Work required
The full set of entries is to be printed exactly, with pictures excluded.

Material shown
———

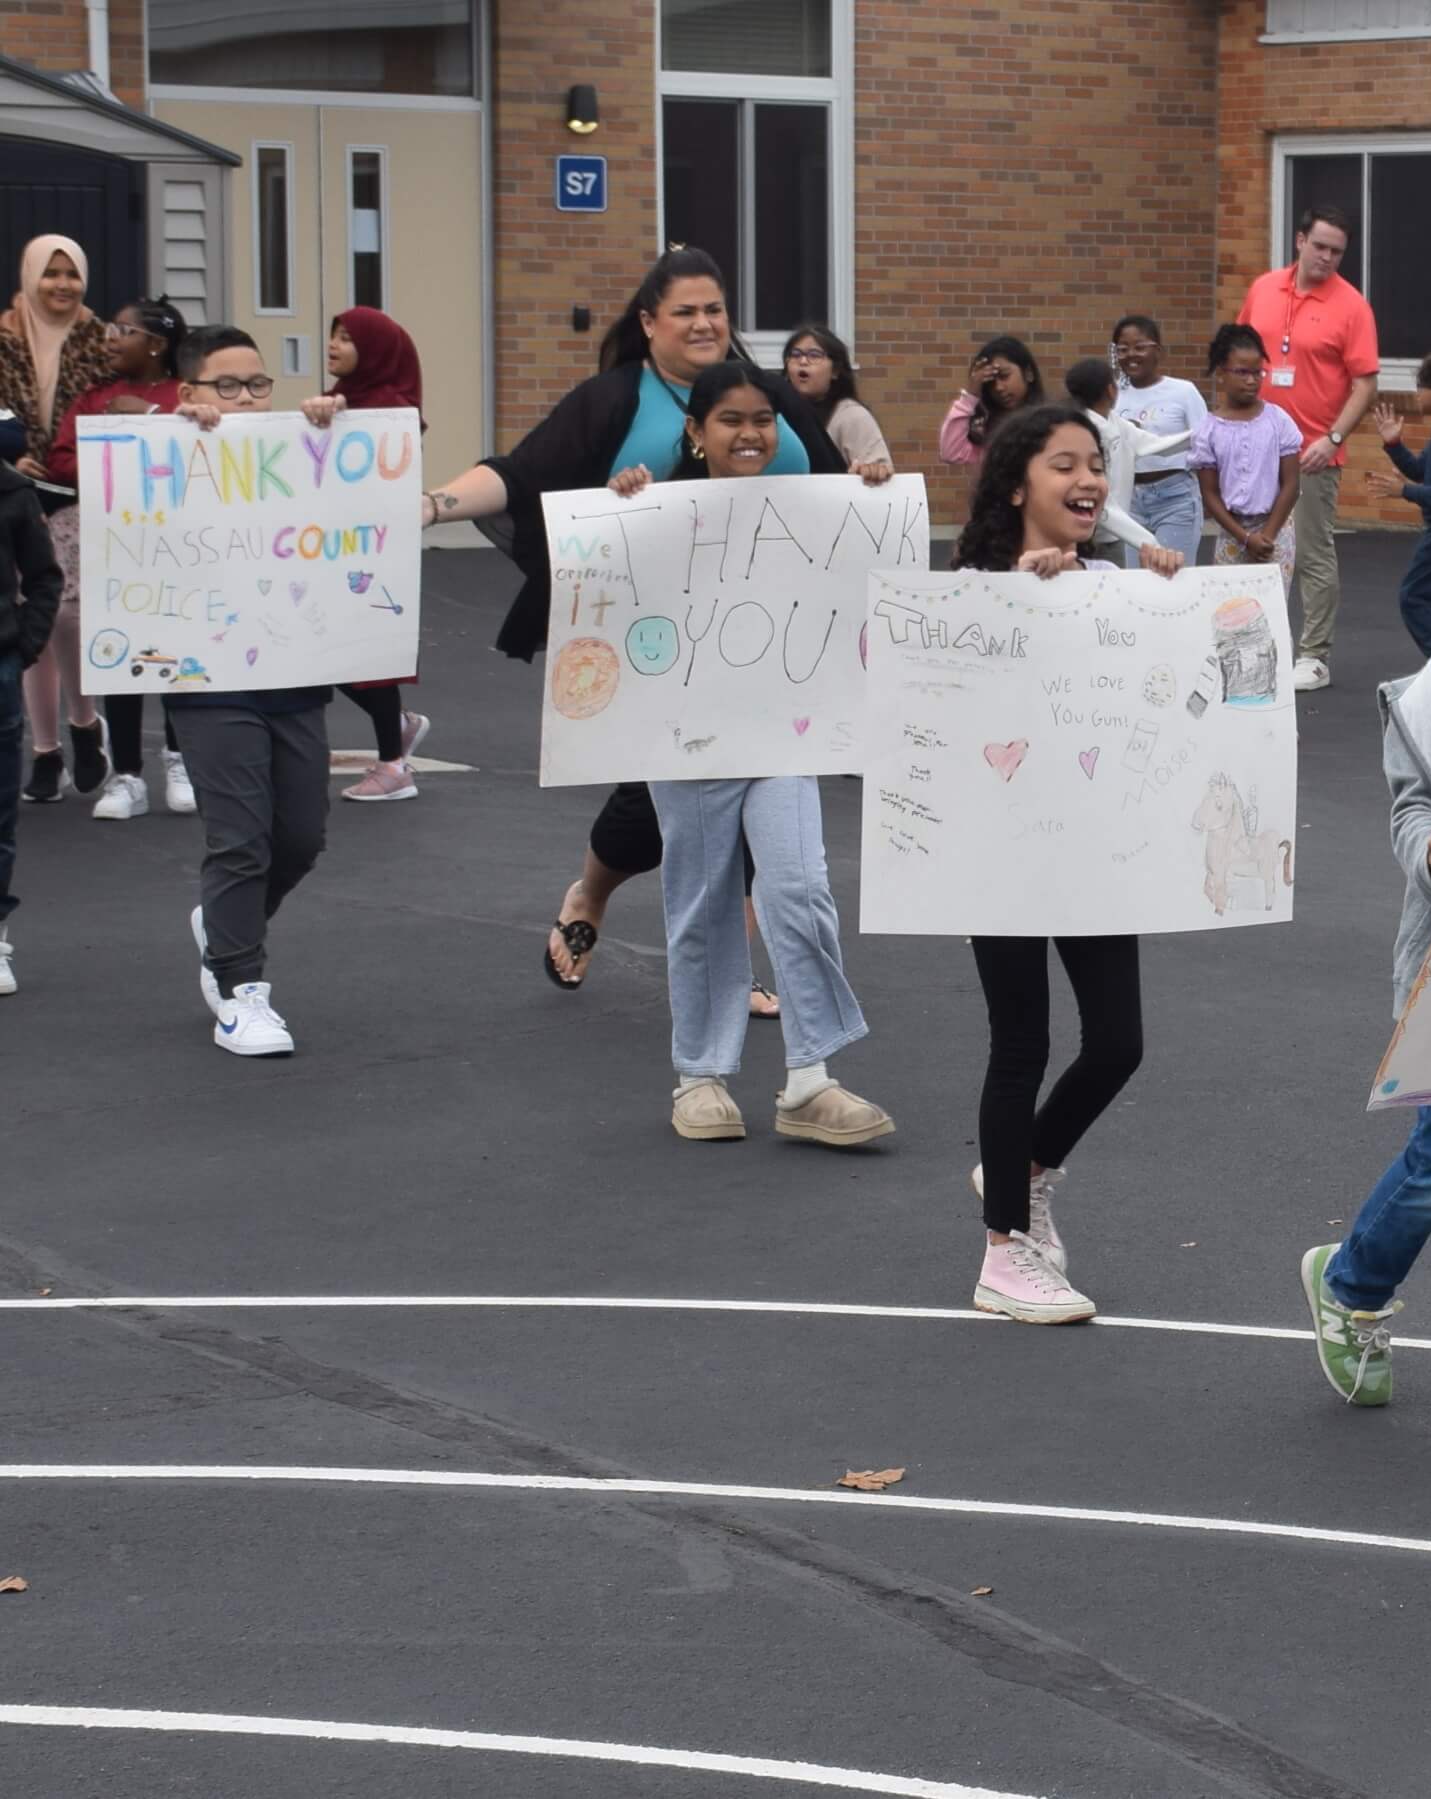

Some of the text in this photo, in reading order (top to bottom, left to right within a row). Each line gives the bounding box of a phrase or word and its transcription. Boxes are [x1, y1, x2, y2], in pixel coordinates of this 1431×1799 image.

[565, 171, 597, 195] S7
[77, 430, 413, 514] THANK YOU
[105, 523, 388, 569] NASSAU COUNTY
[572, 496, 923, 607] THANK
[106, 577, 228, 623] POLICE
[685, 598, 838, 687] YOU
[874, 599, 1029, 658] THANK
[1041, 673, 1126, 696] WE LOVE

———

Result of this exercise
Some of the text in this photo, in reading order (top to bottom, left to right within a row). Each line gives the bounding box of a phrase or word and its transcription. Boxes are [x1, y1, x2, y2], in pixel coordinates of this 1431×1799 image.

[565, 171, 597, 195] S7
[77, 430, 413, 514] THANK YOU
[105, 523, 388, 569] NASSAU COUNTY
[572, 496, 923, 607] THANK
[106, 577, 228, 623] POLICE
[685, 598, 838, 687] YOU
[874, 599, 1029, 658] THANK
[1041, 673, 1126, 696] WE LOVE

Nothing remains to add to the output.